Il significato salvifico della morte di Gesù è messo in luce nei racconti evangelici della sua passione. Specialmente Giovanni vede in essa la manifestazione sfolgorante della gloria di Dio in quanto proprio mentre veniva condannato Gesù ha dato una testimonianza suprema alla verità, cioè alla fedeltà di Dio, ed è stato intronizzato come il Messia che attua la regalità di Dio in questo mondo. Perciò è proprio sulla croce che lui viene innalzato, cioè si protende verso Dio, manda lo Spirito e dà origine alla comunità dei credenti, che con lui godono fin d’ora la vita nuova da lui sperimentata.
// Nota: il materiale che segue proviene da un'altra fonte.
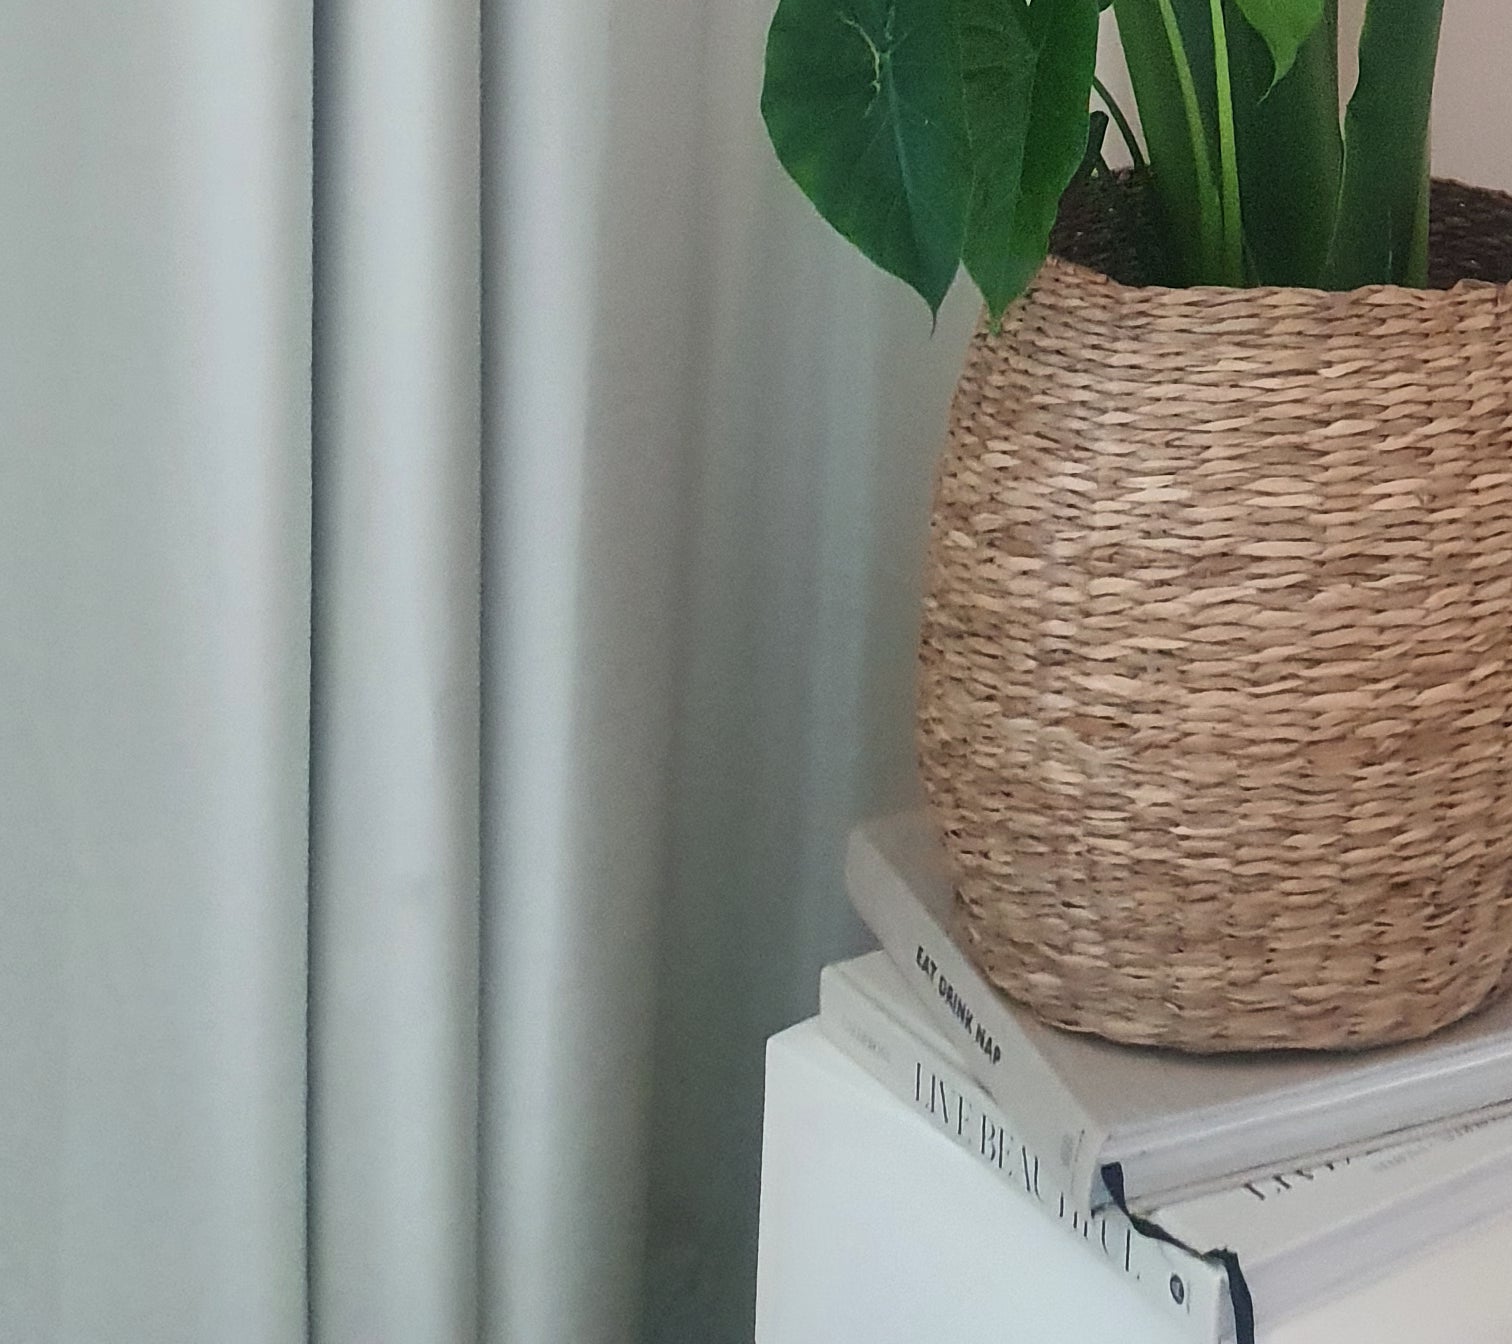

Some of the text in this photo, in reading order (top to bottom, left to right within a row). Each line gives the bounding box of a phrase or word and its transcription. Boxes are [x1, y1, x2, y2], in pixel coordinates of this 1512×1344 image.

[916, 945, 1002, 1065] EAT DRINK NAP
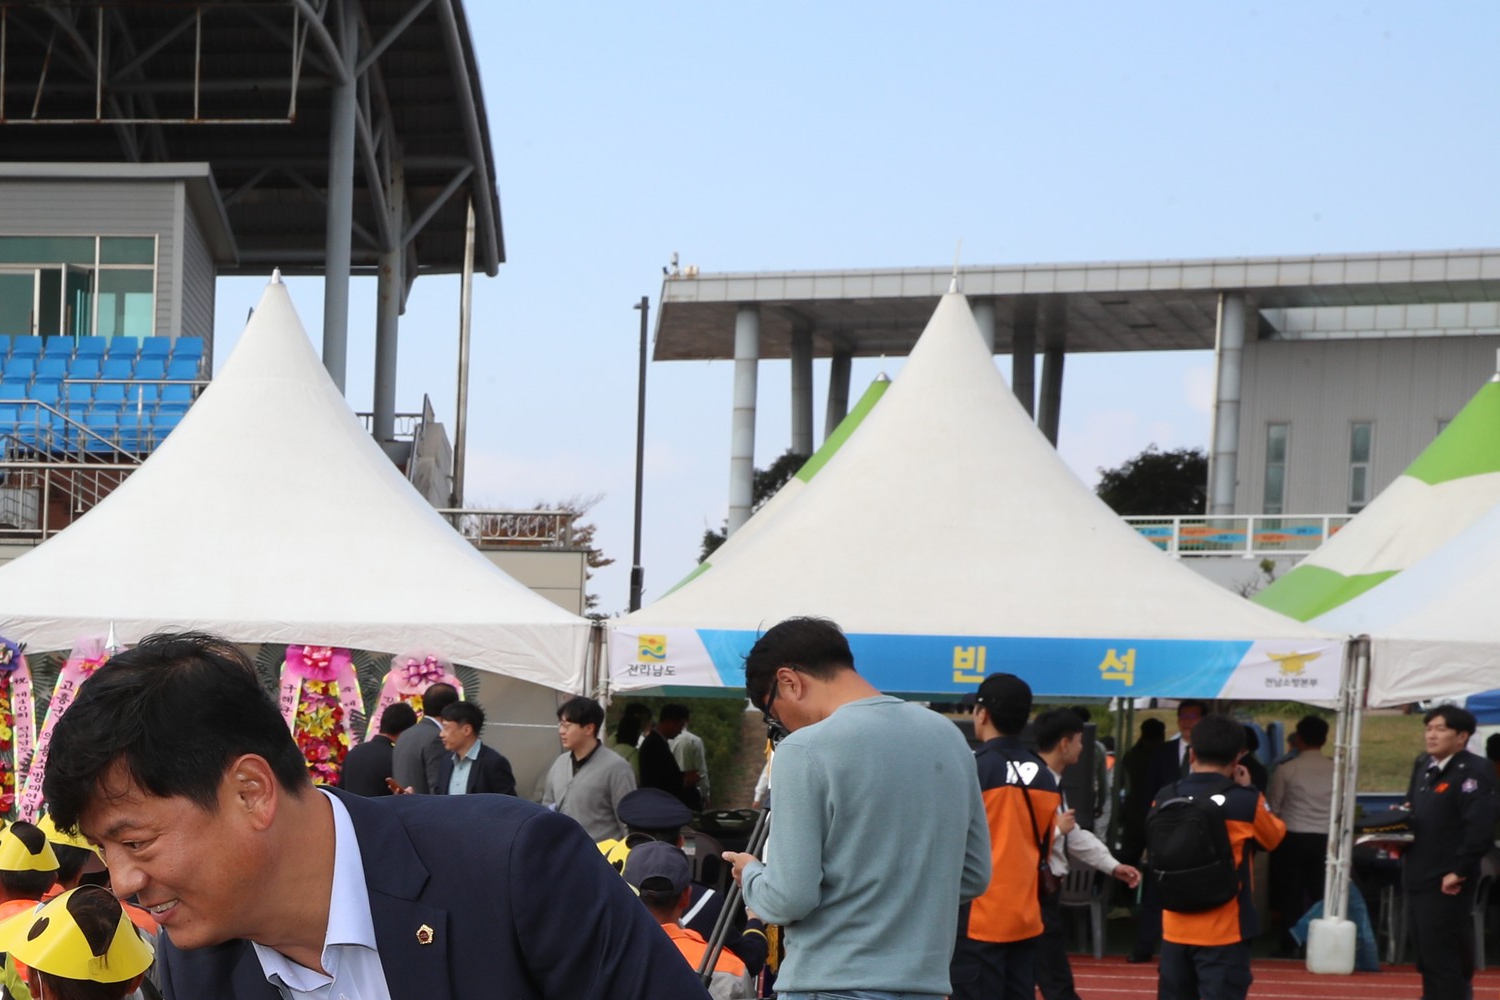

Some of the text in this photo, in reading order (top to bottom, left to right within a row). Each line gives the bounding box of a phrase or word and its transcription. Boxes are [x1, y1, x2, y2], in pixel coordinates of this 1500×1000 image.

[627, 664, 677, 677] 전라남도
[952, 645, 1137, 687] 빈 석
[51, 680, 74, 718] 고흥군
[280, 684, 298, 717] 구례군
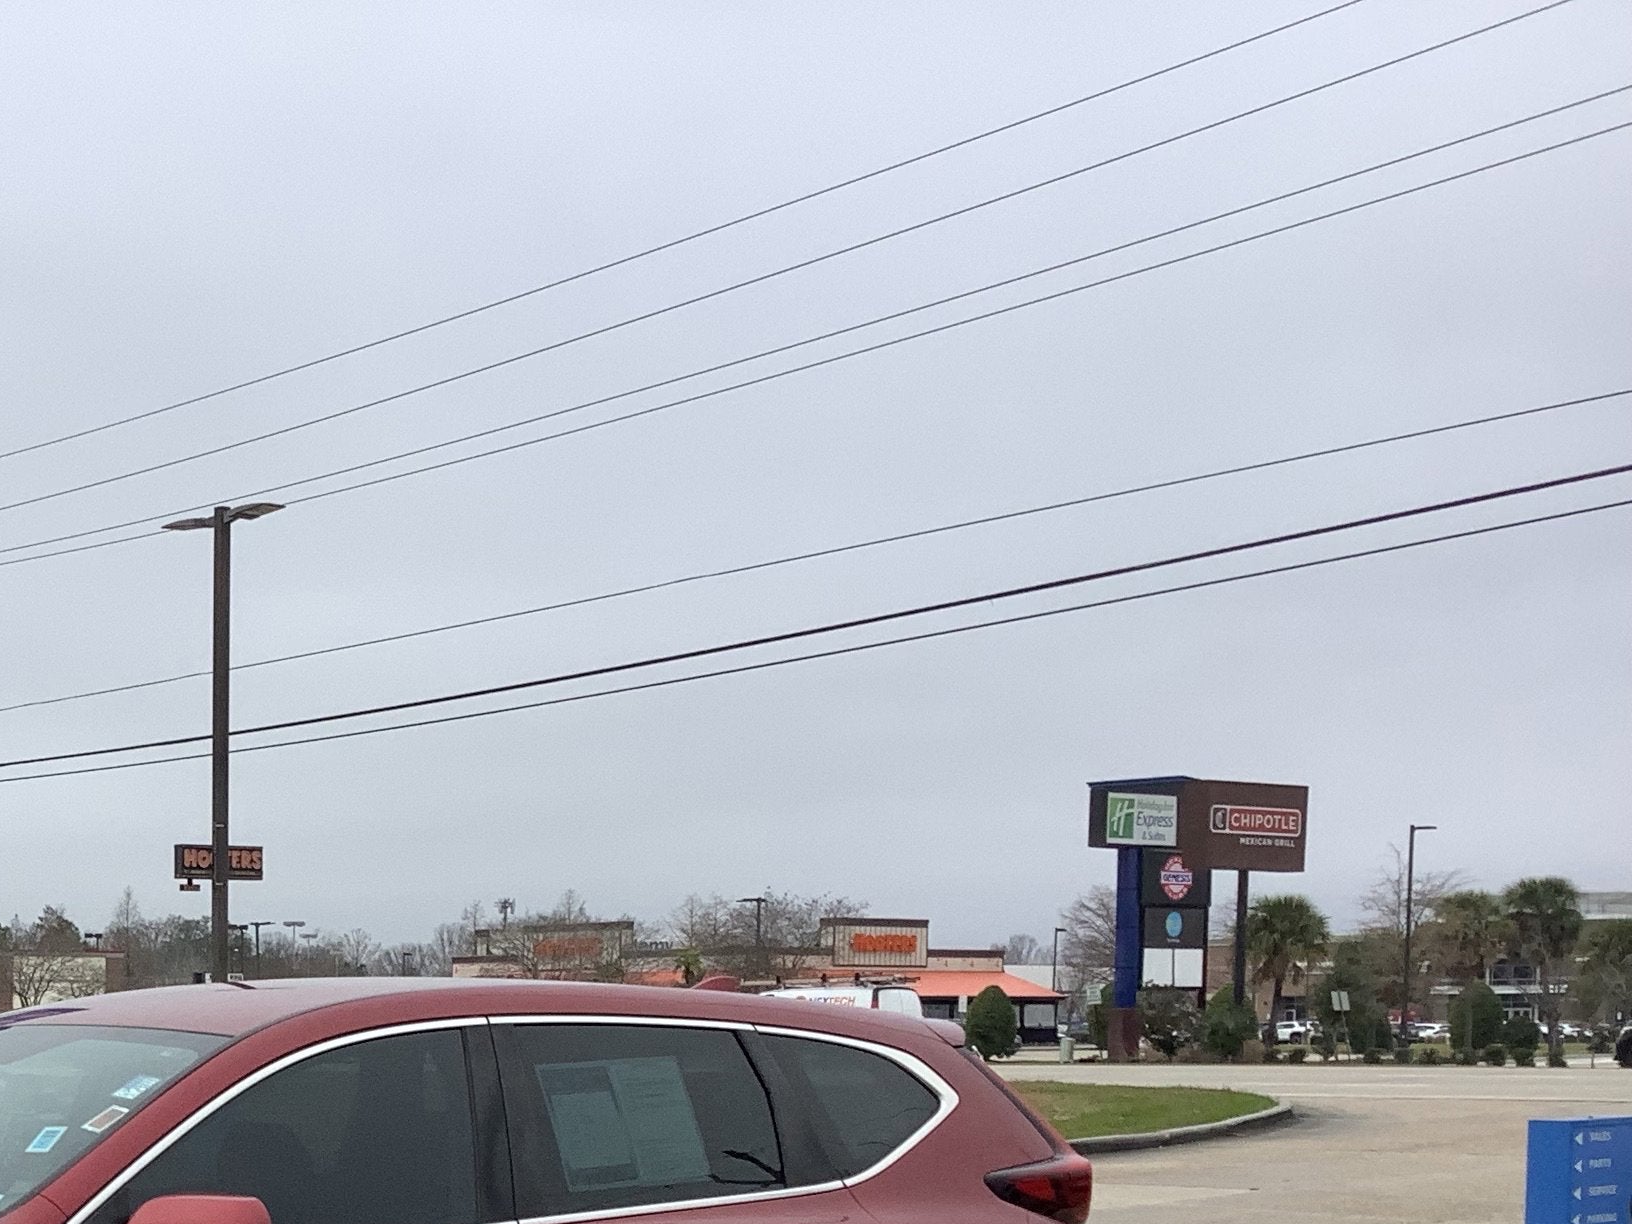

La celebrazione del Venerdì santo deve dunque essere l’occasione per riflettere sul significato che ha per noi la morte di Cristo come punto di riferimento per un autentico cammino di fede. A tal fine però bisogna considerare questo evento alla luce dell’esempio di quanti, cristiani e non, hanno saputo dare la vita per un bene che riguarda tutti, al di là dei muri elevati dall’egoismo umano.

Tempo Ordinario C – 12 Domenica

Una morte che dà la vita

La liturgia di questa domenica richiama l’attenzione su una sofferenza che apparentemente porta alla morte ma in realtà è sorgente di vita. La prima lettura richiama tre concetti a prima vista antitetici: pianto, consolazione purificazione. Ogni sofferenza provoca pianto e amarezza, perché è sempre l’anticamera della morte, di cui l’inviato di Dio ha fatto l’esperienza. Ma a essa fa seguito la consolazione, a patto però che sappiamo coglierne il senso, farla diventare parte di un progetto che mira a edificare un mondo migliore, in cui prevale non il potere ma il servizio vicendevole.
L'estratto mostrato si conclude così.